ANSSI and a lot of other modern standards forbid firewalls at the perimeter of industrial networks and permit only unidirectional gateways. The unidirectional hardware is physically able to send information in only one way – out of an industrial network. Unidirectional gateway software makes copies of database servers and other servers to IT networks where the copies can interact normally with IT systems. With gateways instead of firewalls, it doesn’t matter how many zero days there are in any software, or how many passwords have been stolen. If no information gets back into an ICS, no attacks get back.
Standard advice to control offline information flows includes anti-virus and sandboxing cleansing stations for removable media, and simply banning external laptops entirely. When a vendor schedules a visit to the site, have an ICS-only laptop provisioned for them with all of the software packages they need. Turn on alerting for all violations of the media & laptop policy. Integrate the security program into the safety program and treat all alerts as security and safety near misses. In short order, we teach our people never to carry information blithely into our industrial networks – they quickly learn and practice that inbound information is their enemy.
This is not rocket science. If zero-day exploits cannot get into our industrial networks to touch our zero-day vulnerabilities, the vulnerabilities are mitigated. We probably still want to patch our systems eventually, but there is no need to do it in the mad, costly panic that we see at so many sites.
I think part of the problem with adoption is the terminology. Most of us think we need to “protect the data” in our control systems, but all cyber attacks are data. We don’t need to protect the data – we need protection from the data. We need to control, thoroughly, all the nasty little ways data and attacks are leaking into our control systems.
How has ICS security changed over the years, and how do you see it evolving in the near future?
Industrial systems face the same pressures as everybody else:
- For 30 years CPUs have been getting cheaper so there are more of them everywhere, and more software everywhere. The problem is that all software can be hacked – so the attack surface increases constantly.
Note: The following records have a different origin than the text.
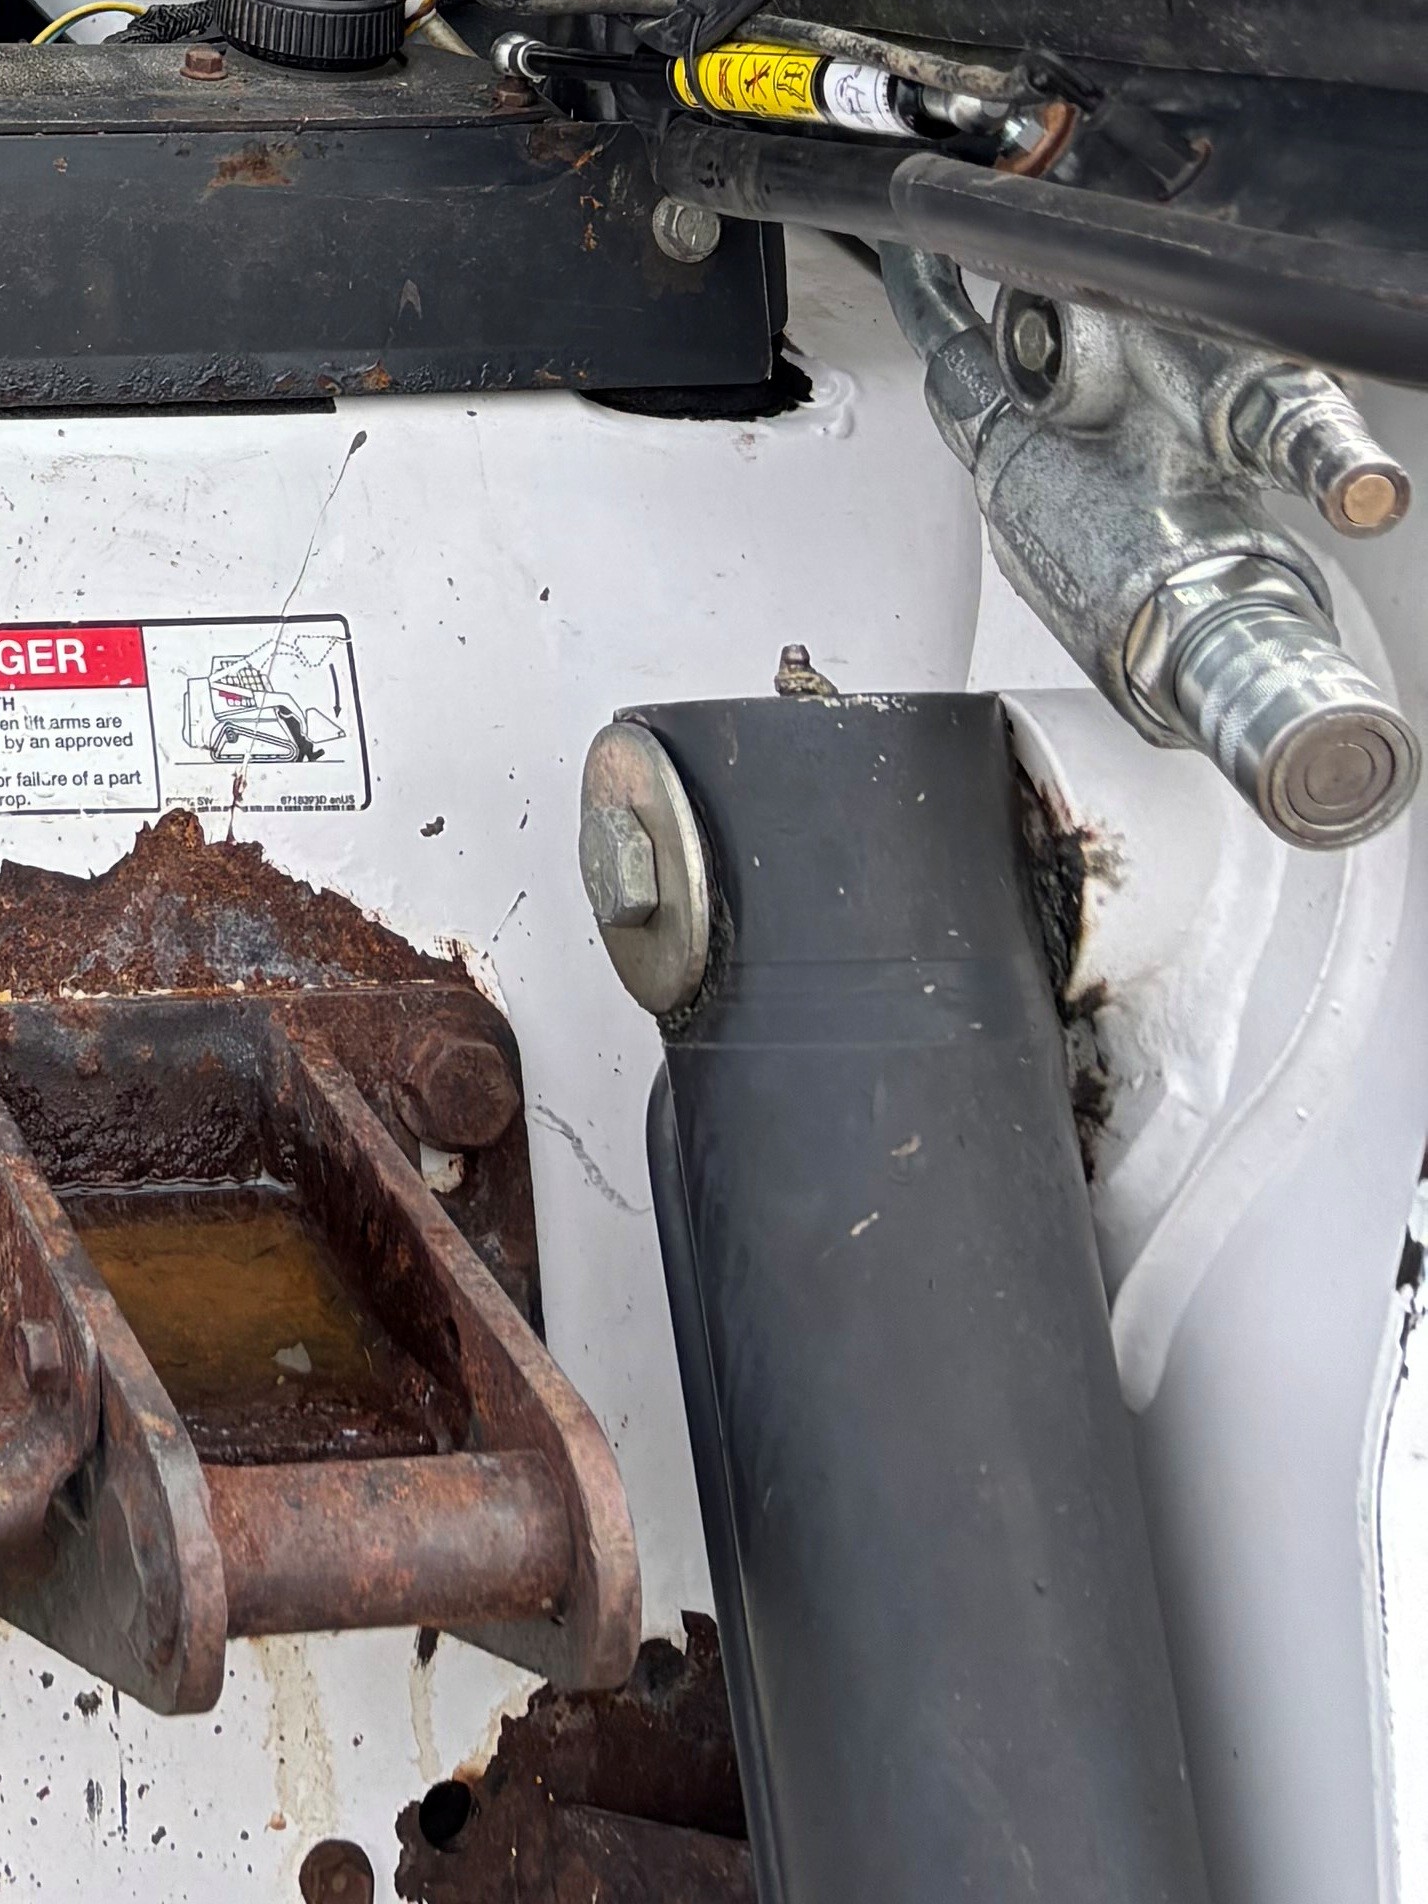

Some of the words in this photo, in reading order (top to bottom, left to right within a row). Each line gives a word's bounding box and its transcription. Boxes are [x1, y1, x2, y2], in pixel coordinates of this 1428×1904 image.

[50, 717, 90, 729] arms
[97, 716, 121, 728] are
[5, 736, 24, 752] by
[30, 737, 49, 748] an
[55, 732, 133, 750] approved
[73, 771, 88, 785] of
[94, 774, 103, 785] a
[109, 770, 141, 787] part
- For 30 years connectivity has been increasing, and every information flow is a potential attack, so the attack surface increases even more.
- And attack tools and techniques get better every year as well – so it becomes ever easier for the bad guys to take advantage of the increased attack opportunities.
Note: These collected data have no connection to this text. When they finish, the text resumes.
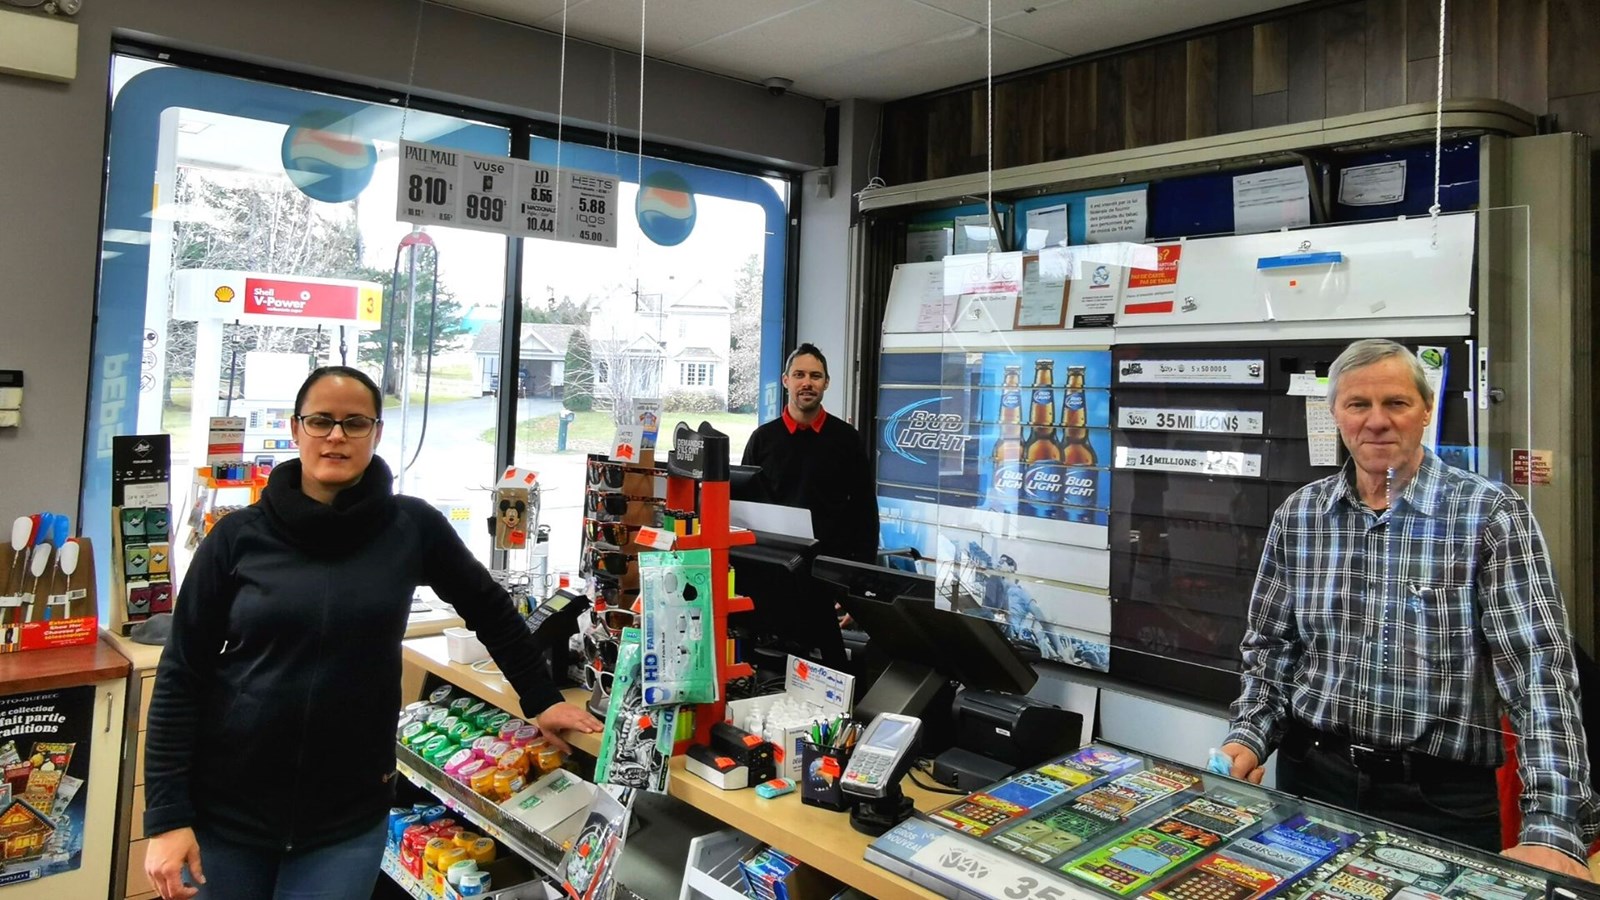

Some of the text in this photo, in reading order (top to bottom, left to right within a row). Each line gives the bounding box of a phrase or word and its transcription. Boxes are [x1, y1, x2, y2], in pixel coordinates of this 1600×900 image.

[405, 145, 457, 167] PALL MALL
[535, 170, 549, 184] LD
[408, 174, 447, 206] 810
[531, 187, 552, 203] 8.55
[466, 193, 504, 222] 999
[579, 197, 606, 215] 5.88
[527, 217, 554, 233] 10.44
[576, 213, 606, 225] IQOS
[579, 230, 603, 242] 45.00
[254, 287, 274, 297] Shell
[254, 295, 375, 314] V-Power 3
[909, 410, 964, 432] BUD
[1156, 413, 1176, 428] 35
[677, 439, 704, 449] DEMANDEZ
[896, 429, 973, 451] LIGHT
[1140, 454, 1153, 466] 14
[1154, 457, 1197, 467] MILLIONS
[1034, 471, 1061, 483] BUD
[1065, 477, 1093, 488] BUD
[1027, 480, 1062, 492] LIGHT
[1065, 486, 1095, 497] IGHT
[644, 654, 658, 681] HD
[8, 705, 55, 715] collection
[25, 713, 67, 725] partie
[0, 723, 59, 738] raditions
[1241, 840, 1298, 863] CHROME
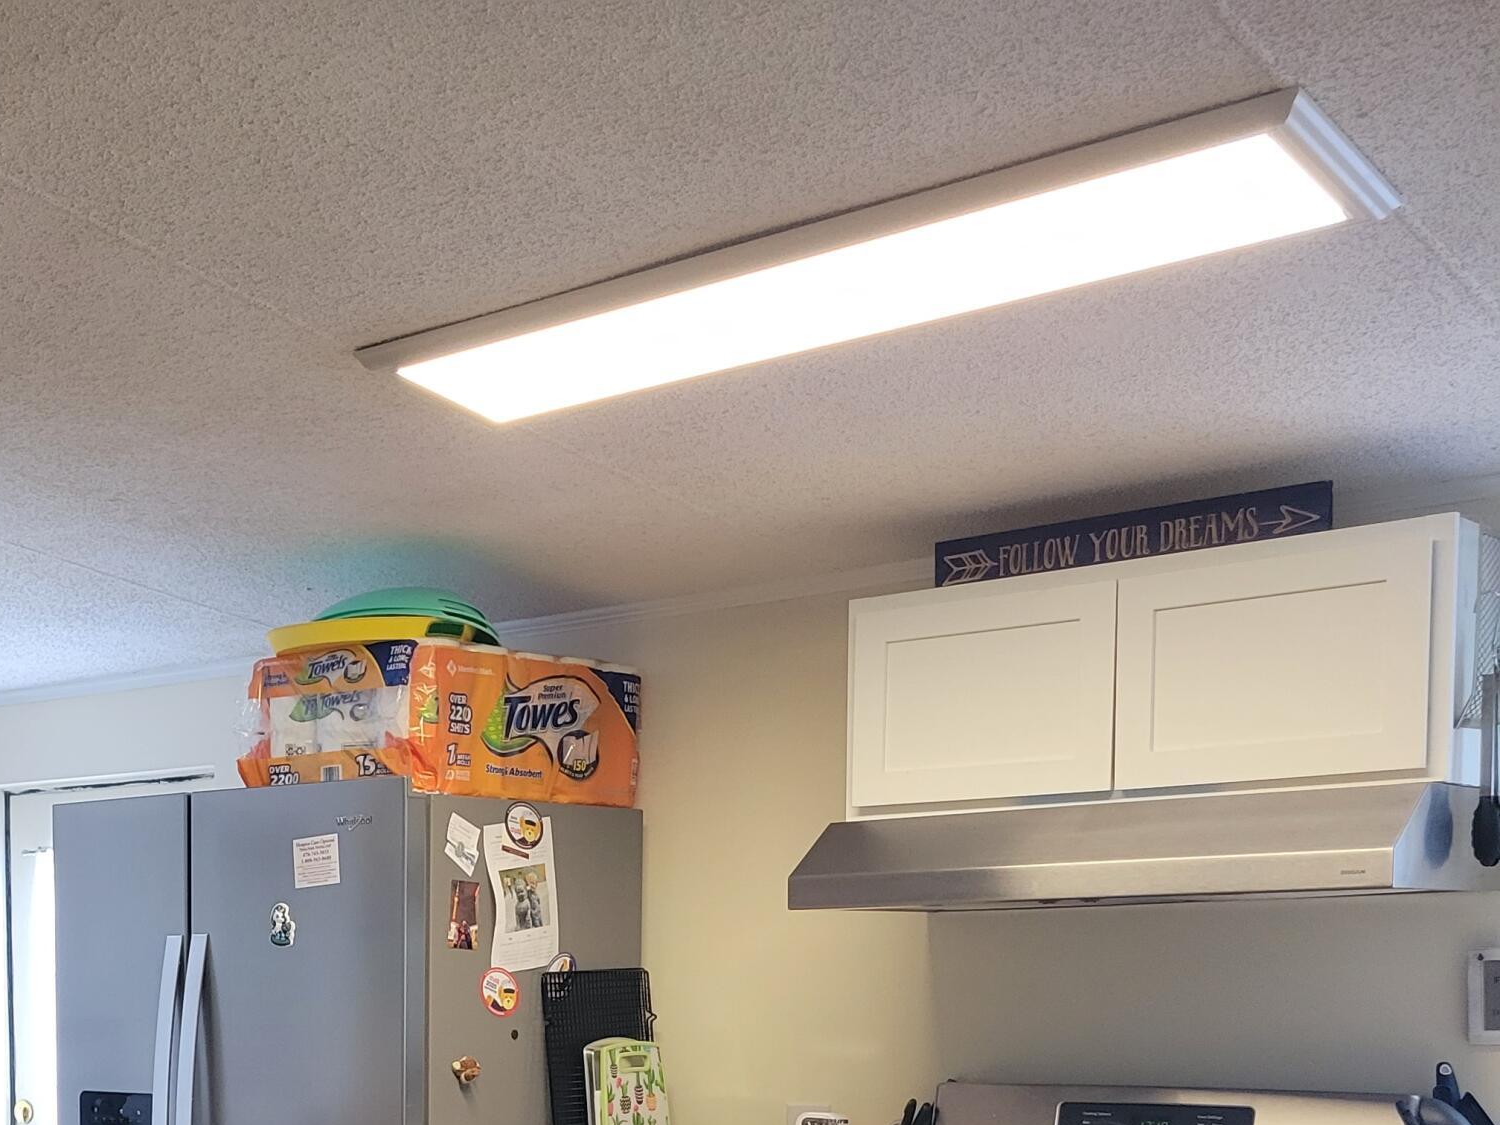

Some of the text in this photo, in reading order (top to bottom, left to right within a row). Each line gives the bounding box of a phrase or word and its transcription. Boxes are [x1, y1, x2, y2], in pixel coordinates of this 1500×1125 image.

[999, 507, 1260, 575] FOLLOW YOUR DREAMS
[307, 656, 348, 680] Towels
[542, 684, 564, 693] Super
[623, 681, 639, 694] THIC
[269, 766, 291, 774] OVER
[355, 754, 377, 777] 15
[485, 764, 504, 775] Strong
[509, 765, 543, 779] Absorbent
[572, 759, 587, 771] 150
[270, 773, 299, 786] 2200
In short, it looks bad for our heroes. To make a bad situation worse, a lot of the advice out there, like “quick, patch everything!” is really expensive for reliability-critical sites – and almost every industrial site is reliability-critical.
I believe we need a new way of thinking about the problem. Stop seeing software vulnerabilities and misconfigurations as the problem – the problem is attacks. Stop trying to protect our data – it is our physical equipment, the safety of our workers and the productivity of our physical sites we need to protect – from incoming attack data. Do continue monitoring our industrial networks – we can only optimize what we measure, so we have to measure our security. But stop imagining that monitoring is going to save us from zero-days and other nasties.
Start controlling those incoming data and attack flows – outbound flows into the IT network have IT-class consequences. It is the inbound flows, both online and offline that can carry attacks with unacceptable physical consequences.
This is the kind of change that Waterfall Security Solutions is trying to enable with our Unidirectional Security Gateways and related hardware-based / physical protection products. There are no silver bullets, but if we can enable industrial sites to control information flows much more thoroughly than they do today, we can dramatically improve protections for industrial control systems and dramatically simplify their security programs.